Qatar signed the first contracts on a mega-accommodation project on Thursday which will eventually see almost 180,000 migrant workers housed in seven specially built "cities".
All seven sites could be in operation within two years, said officials at a ceremony in Doha attended by Prime Minister Sheikh Abdullah bin Nasser bin Khalifa al-Thani and labour minister Abdullah bin Saleh Al Khulaifi.
"The whole project will be completed by the end of 2017," said Jamal Shareeda Al-Kaabi, a director of the Central Planning Office, which oversees major infrastructure projects.
The sites are being built in addition to the $825 million Labour City, a vast housing complex on the fringes of the capital with space for almost 70,000 workers, which opened earlier this year.

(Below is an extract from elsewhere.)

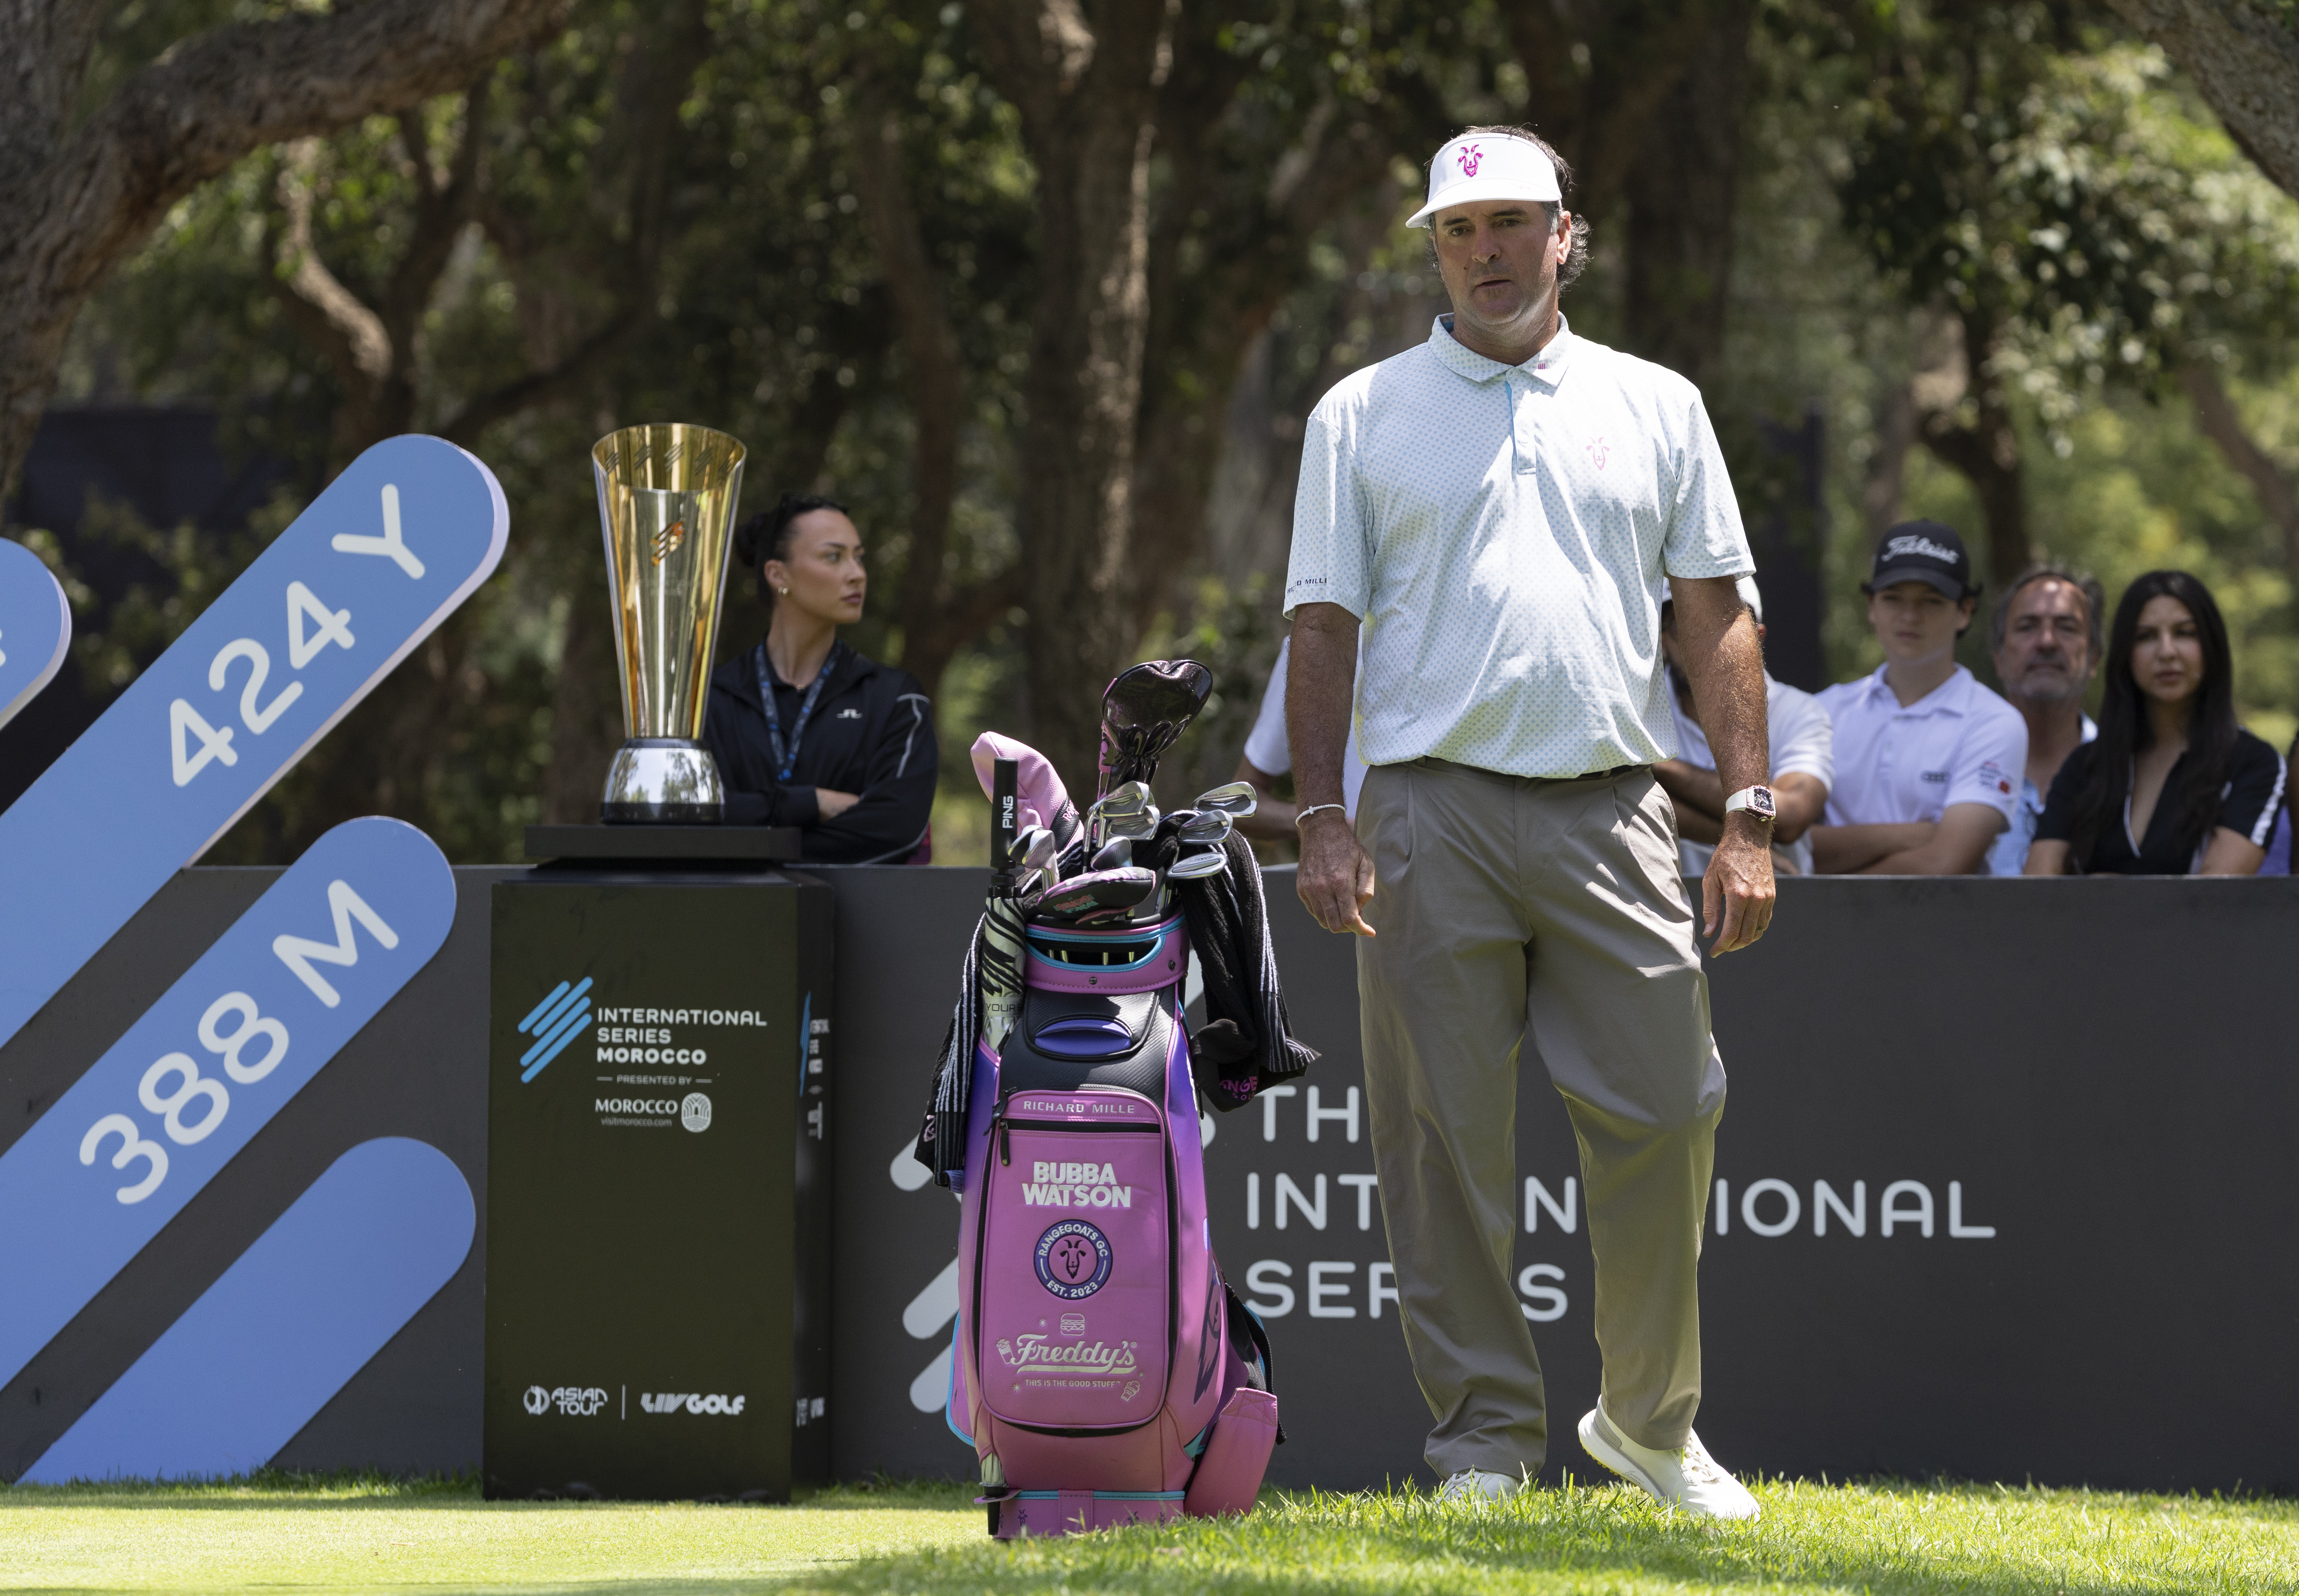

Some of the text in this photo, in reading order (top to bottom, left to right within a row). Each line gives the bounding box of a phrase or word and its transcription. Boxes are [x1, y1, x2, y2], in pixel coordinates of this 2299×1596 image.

Many of the labourers who will be housed on the sites will be working on infrastructure projects directly or indirectly related to the 2022 World Cup.
Earlier in the year, Khulaifi described the huge-scale new housing complexes as "cities" and told AFP they were the "future" for worker accommodation in Qatar.
The contracts signed Thursday are between government officials and members of the private sector for the first accommodation centre, which will be located in Umm Slal, north of Doha.
Umm Slal will house around 24,000 workers.
All seven "cities" will be built through "public-private partnerships".
The final cost of building all the accommodation centres is not known but the government has put in 1.6 billion Qatari riyals ($440 million, 410 million euros) "for the provision of infrastructure", according to a government factsheet.
The cities will be built across Qatar, from the fringes of the capital Doha to one in the north.
They incorporate facilities such as cafeterias, television rooms, gyms, mosques and other religious centres.
Many of the workers who will end up living in the new centres will be transferred from other accommodation complexes in Qatar.
The aim, said Kaabi, is to place labourers closer to their place of work as well as to improve accommodation standards
"We have developed a strategy depending on demand forecast," added Kaabi.
"Basically we're trying to facilitate a proper housing accommodation that meets the standards and requirements of the state with the best practice."
Qatar has been criticised by rights groups and unions for providing sub-standard and squalid accommodation to labourers helping build World Cup infrastructure.
There are around 1.8 million migrant workers in Qatar but that will reach almost 2.5 million two years before the World Cup, officials have said.
Qatar this week celebrated the fifth anniversary of being chosen to host football's biggest tournament.